§ ASSIGNED TASK: Copy each entry below unchanged; the images do not go in the copy.

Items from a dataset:
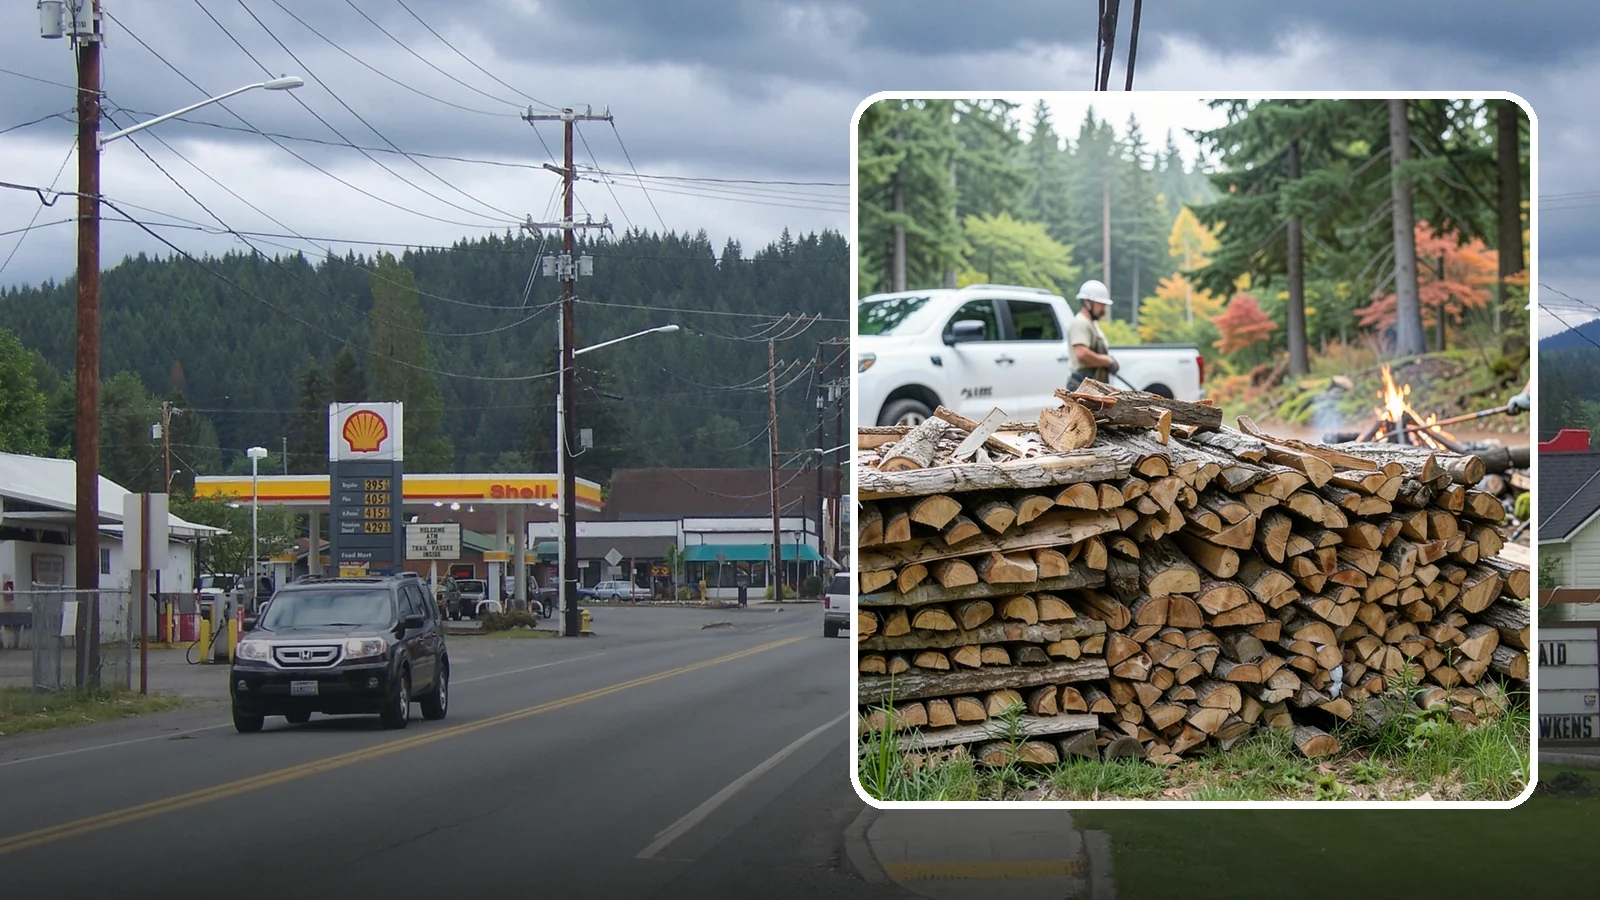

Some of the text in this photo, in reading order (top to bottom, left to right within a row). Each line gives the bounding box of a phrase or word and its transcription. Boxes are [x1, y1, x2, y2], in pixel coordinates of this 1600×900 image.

[366, 480, 384, 490] 395
[490, 484, 547, 499] Shell
[366, 494, 384, 504] 405
[365, 508, 383, 518] 415
[366, 522, 384, 533] 429
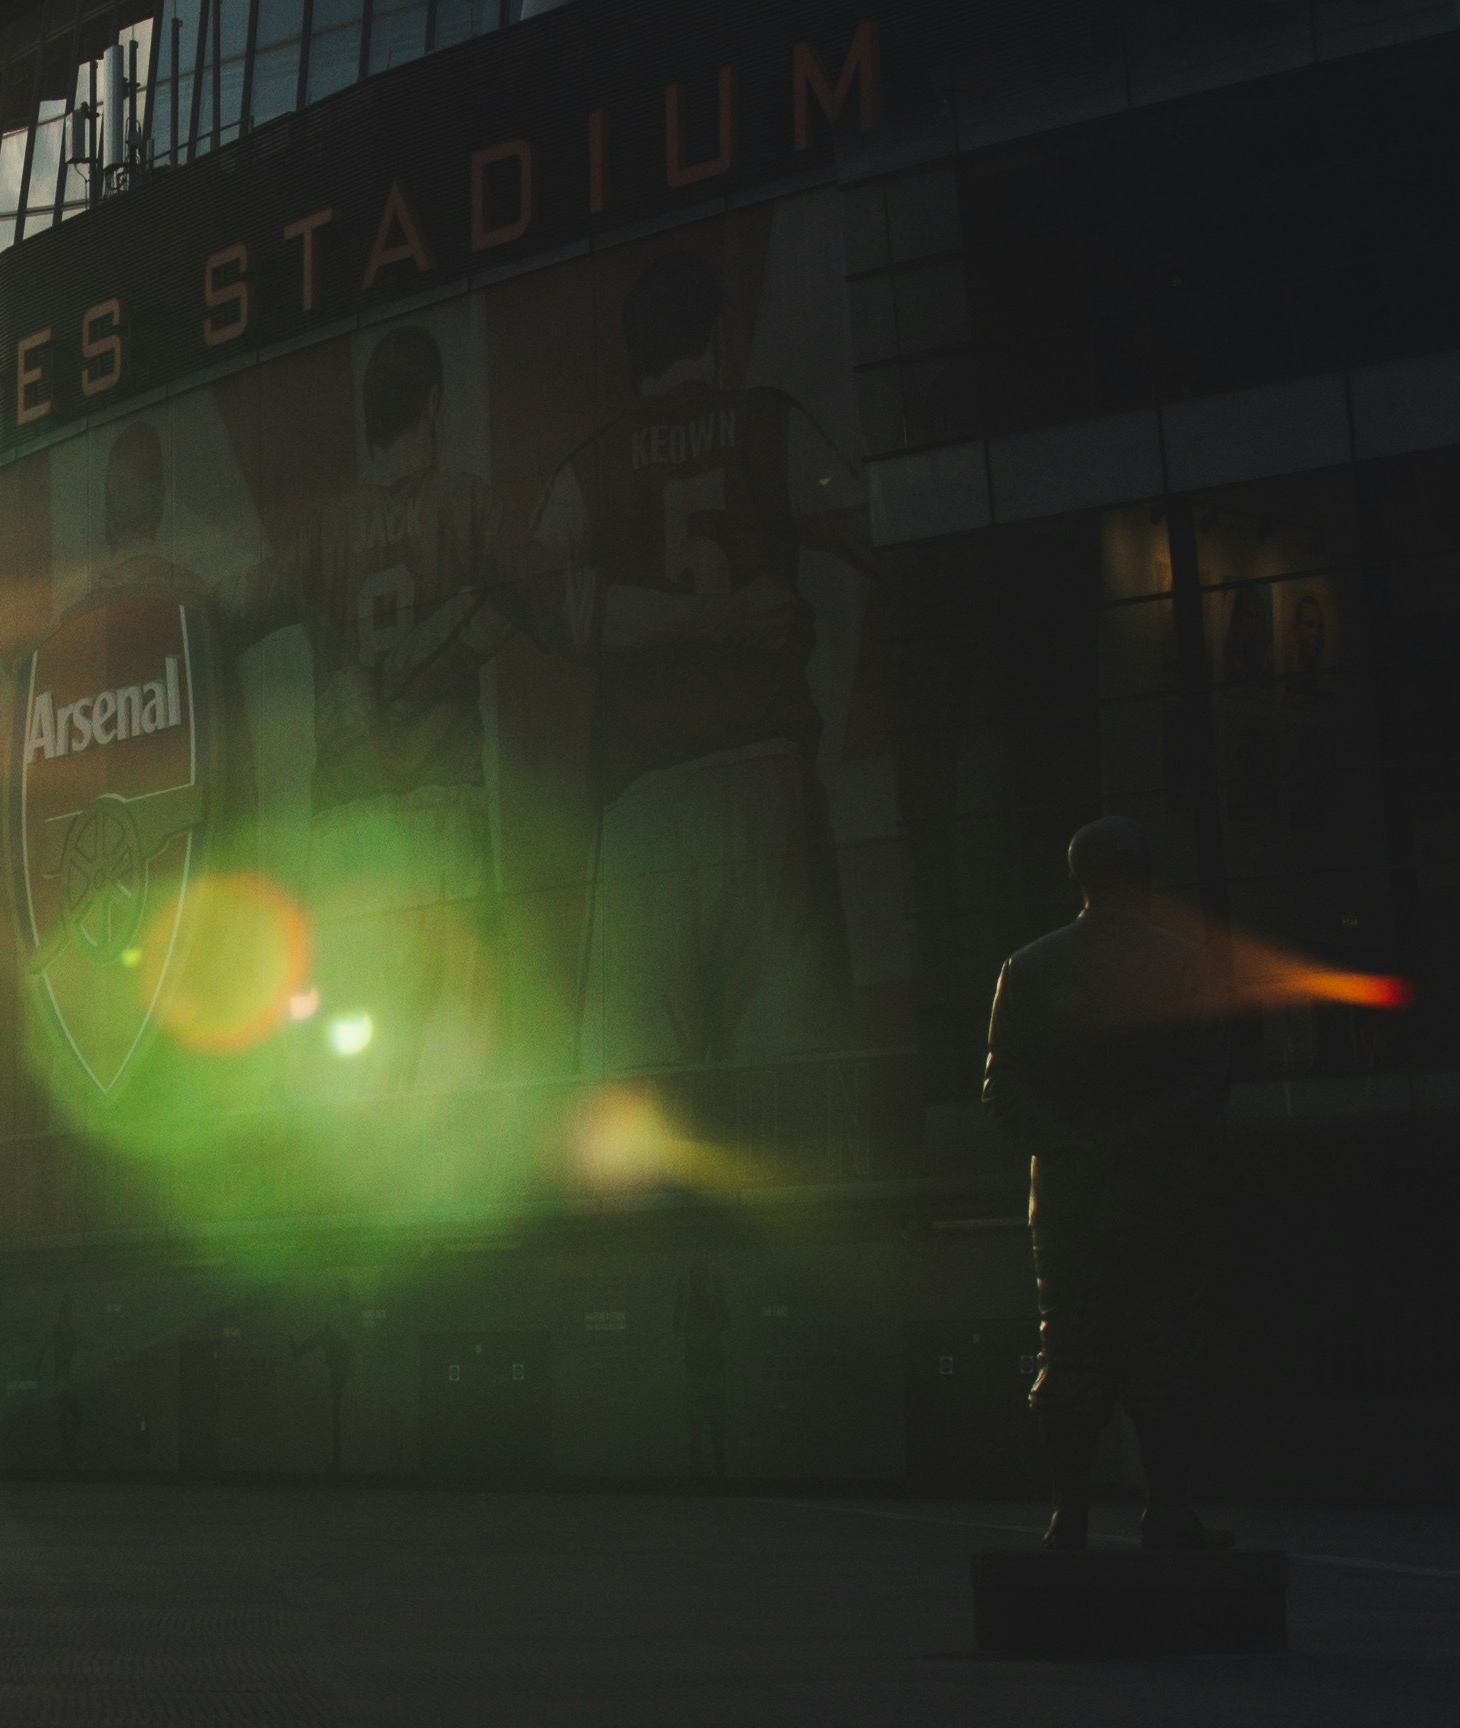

§ TASK RESULT:
Some of the text in this photo, in reading order (top to bottom, left to right within a row). Each line gives the bounding box of a phrase or word and its transcription. Boxes are [x1, y1, x2, y2], in pixel coordinates of this 1600×900 image.

[366, 480, 384, 490] 395
[490, 484, 547, 499] Shell
[366, 494, 384, 504] 405
[365, 508, 383, 518] 415
[366, 522, 384, 533] 429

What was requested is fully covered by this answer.